I was the fourth employee at a startup (that is still going strong nearly 10
years later). Pretty early on we were forced into a major pivot which saw us
make the transition from Palm OS to Symbian. At that point we were left with a
bunch of really difficult questions.

The code-base, as it was, was not in very good shape. It was full of bugs,
suffered from some _ahem_ questionable design decisions, and ran rather
poorly. On the other hand, it was the basis for a product already doing
millions in sales.

At that point I had grown into a technical lead role (we were probably more in
the 25 employee range at that point).

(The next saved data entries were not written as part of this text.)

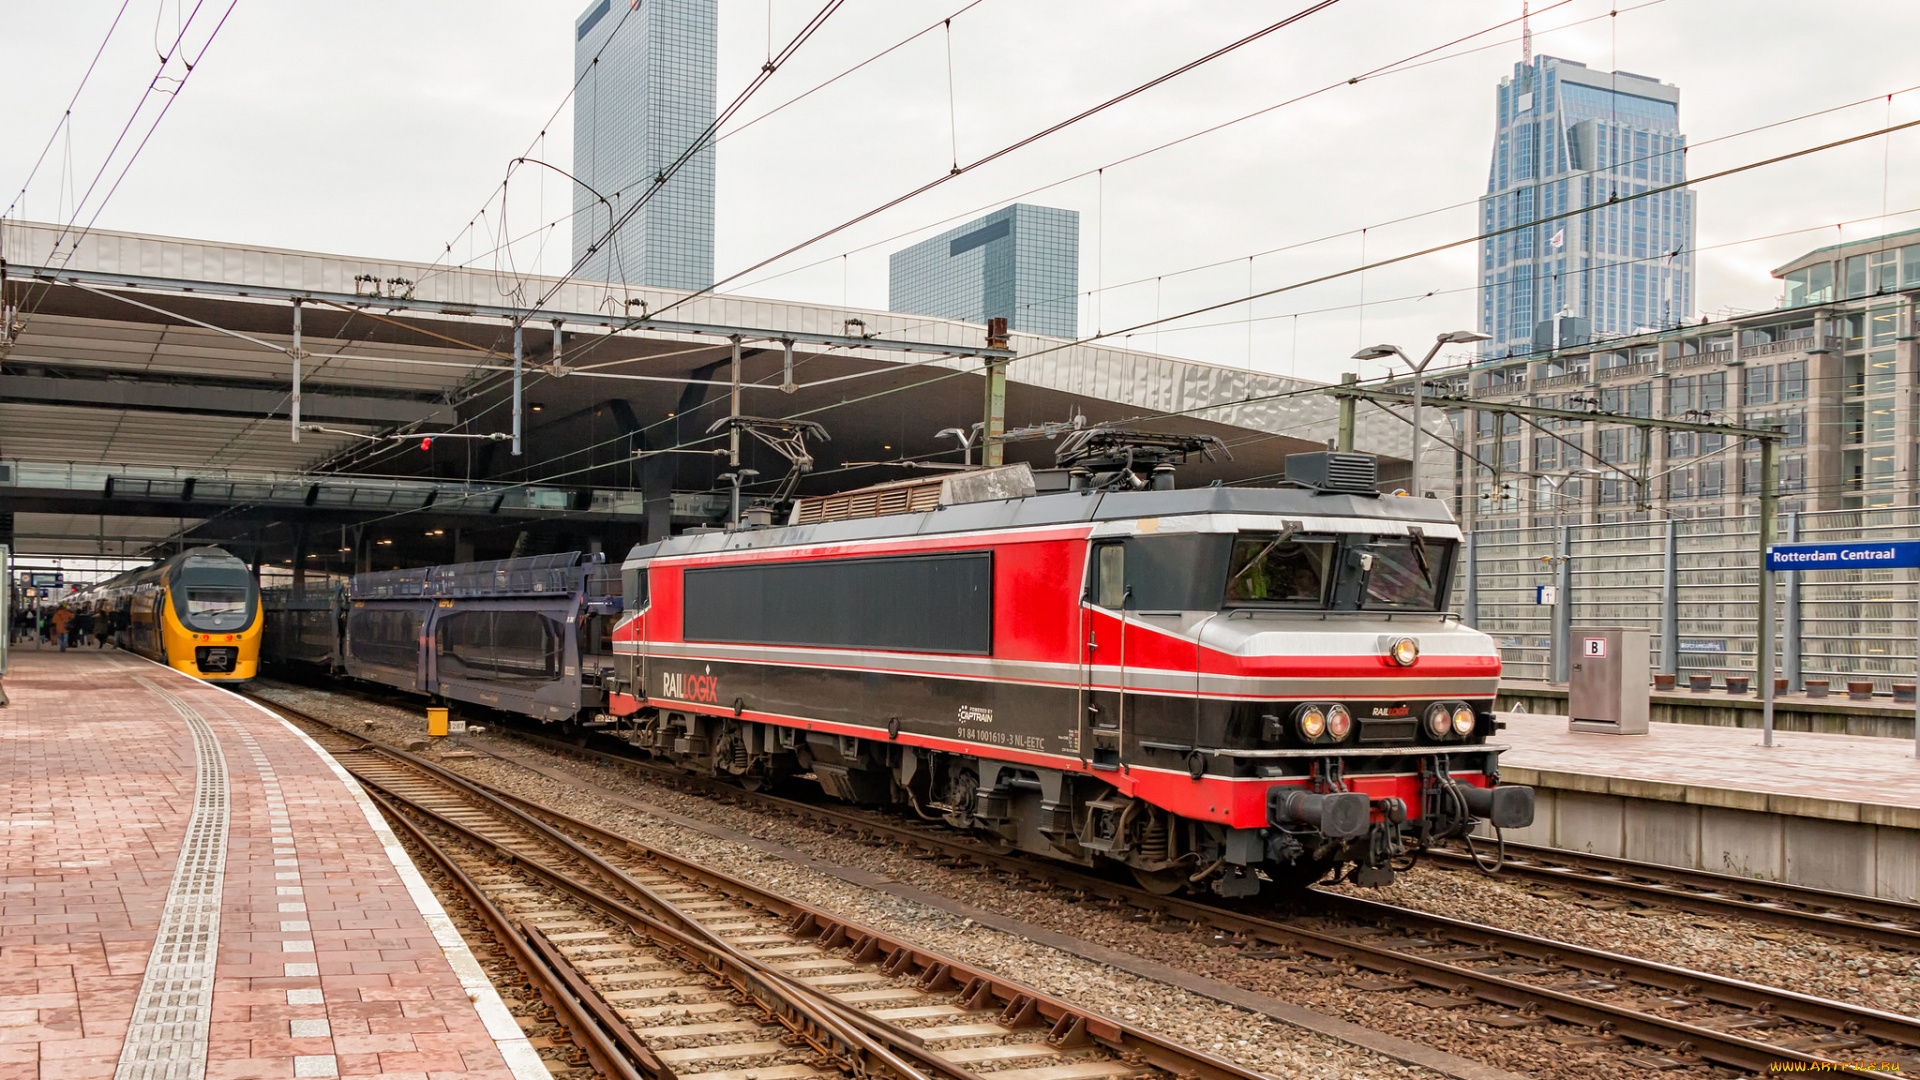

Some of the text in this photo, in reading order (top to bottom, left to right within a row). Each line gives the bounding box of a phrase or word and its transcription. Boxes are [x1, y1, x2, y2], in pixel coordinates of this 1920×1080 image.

[1773, 547, 1895, 563] Rotterdam Centraal
[1591, 641, 1599, 654] B
[663, 671, 718, 703] RAILLOGIX
[960, 710, 993, 723] CAPTRAIN
[957, 727, 966, 738] 91
[966, 728, 976, 740] 84
[1014, 734, 1045, 750] NL-EETC
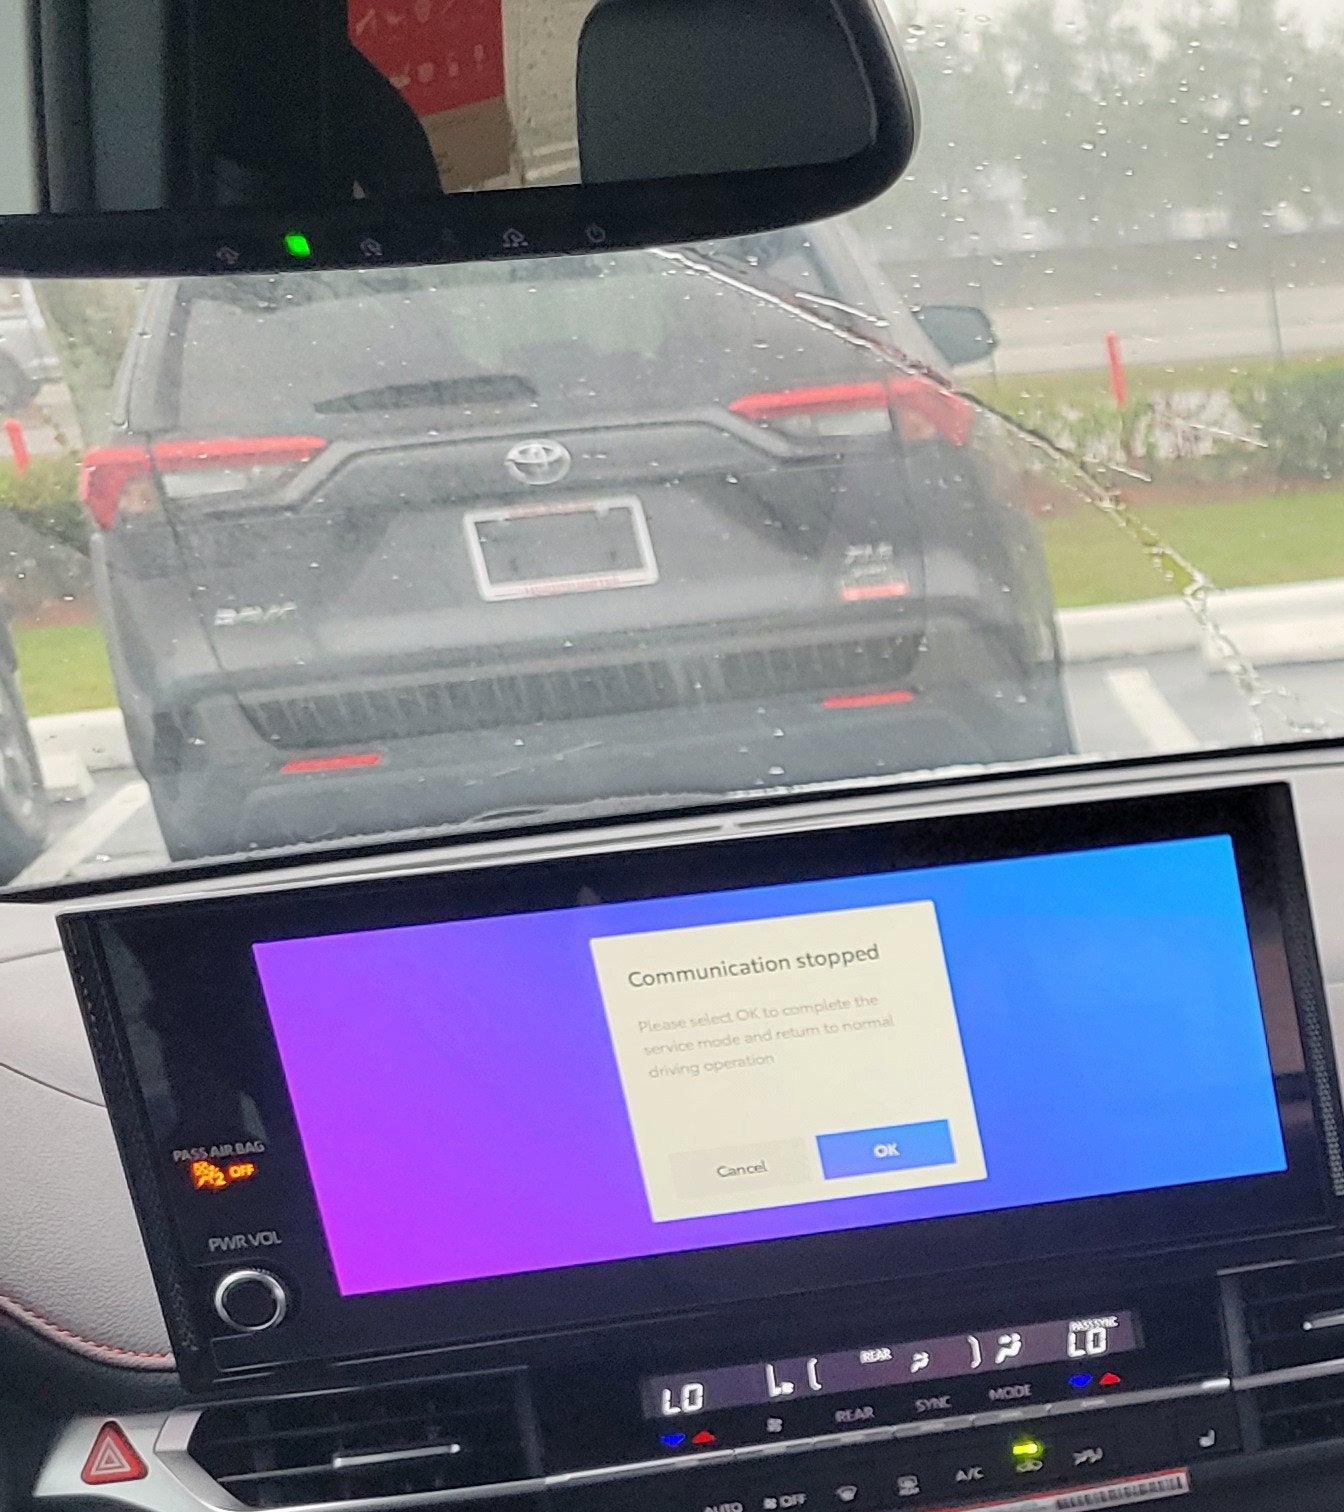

I looked over everything and championed
a strategy in which we would simultaneously port the "bad" code over while
splitting off a much smaller team (that I ended up leading directly) to
rewrite everything from scratch.

That rewrite literally saved our business. Our 'old' code base had suffered
through that year as we struggled to patch it up enough to meet acceptance
requirements from a device OEM we were working with. It was a terrible
project, and no one was particularly happy. Meanwhile our direct competitor
had brought out a new product that raised the bar in terms of quality by about
1000%.

As we transitioned to the new, much saner, codebase we were able to very
quickly respond. We built better features that worked more reliably. Our next
experience with that same OEM went incredibly smoothly. They went from nearly
dropping us to being among our biggest champions going forward.

So in that case, rewriting the thing probably saved the business. In the
ensuing years, as more and more platforms have come about, that same code has
continued to evolve nicely to meet the demands of those platforms as well.

So I'll agree with jacquesm: except when it isn't indeed:)

------
aschobel
We did a full re-write last summer.

It was absolutely worth it and has since allowed us to iterate at a much
higher speed. It was a bit terrifying to be at a feature standstill.

Our re-write was from Java(struts2) + BDB to python(pylons) + MongoDB.

If anybody is interested we are giving a talk at PyCon.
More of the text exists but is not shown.